James Deas (1827 – 1899) was a 19th-century Scottish harbour engineer.

==Life==
He was born on 30 October 1827 in Edinburgh the son of James Deas (1794–1856) from Leslie in Fife and his wife, Elizabeth Cairns. From 1841 he was apprenticed to the civil engineer, John Miller, at 1 Brandfield Place.

By 1851 he was living with his parents at High Cample village in Dumfriesshire. His father, also a railway engineer, had remarried by this stage. There were nine children in the family, presumably from both wives. Soon after James junior became Chief Engineer to the Edinburgh and Glasgow Railway Company. In 1869, aged only 42, he was appointed Chief Engineer to the Clyde Navigation Trust in succession to John Ure.
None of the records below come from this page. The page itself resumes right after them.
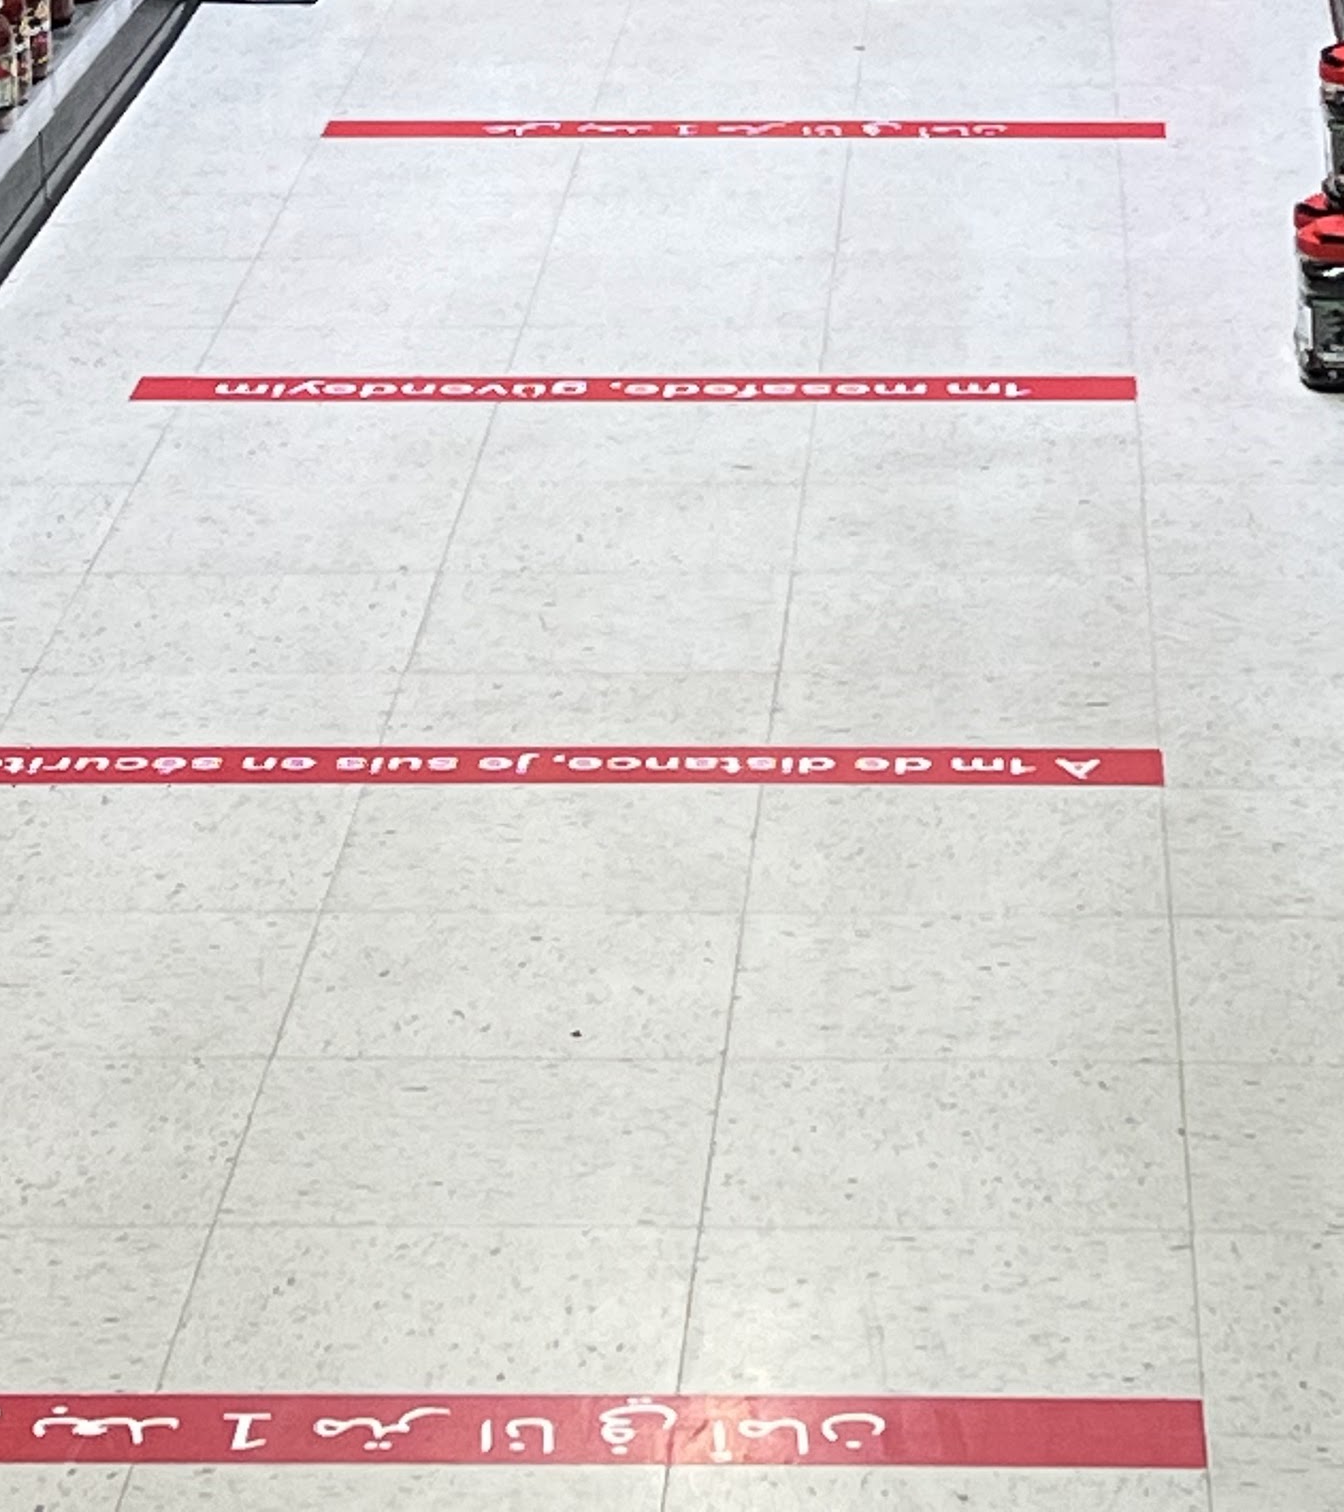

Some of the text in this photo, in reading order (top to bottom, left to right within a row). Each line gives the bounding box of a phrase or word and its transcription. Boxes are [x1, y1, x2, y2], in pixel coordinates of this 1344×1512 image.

[242, 756, 317, 772] en
[336, 756, 459, 775] suis
[478, 753, 540, 776] je
[854, 757, 932, 776] de
[951, 757, 1036, 776] 1m
[33, 1406, 179, 1445] بعد
[223, 1413, 274, 1450] 1
[313, 1406, 451, 1450] متر
[599, 1397, 680, 1456] في
He remained in this role for 30 years, during the golden days of Clyde shipbuilding. Under his control the area of the docks was greatly increased and the depth of the River Clyde was increased by 2m for a length of 25 km.
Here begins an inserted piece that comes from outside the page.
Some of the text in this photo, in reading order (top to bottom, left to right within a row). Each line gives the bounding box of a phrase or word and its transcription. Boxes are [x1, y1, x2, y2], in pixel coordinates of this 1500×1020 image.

James died of a heart attack on 29 December 1899 whilst eating lunch at Daniel Brown's Restaurant at 79 St Vincent Street in Glasgow. He is buried in one of the north–south rows on the upper section of the Glasgow Necropolis. His grave was sculpted by John Mossman.

==Principal works==
See
- Govan Graving Docks (1869 and 1883)
- Windmillcroft Quay (1877)
- Princes Dock (1887)

==Family==

James was married to Isabella Orr (1839–1920).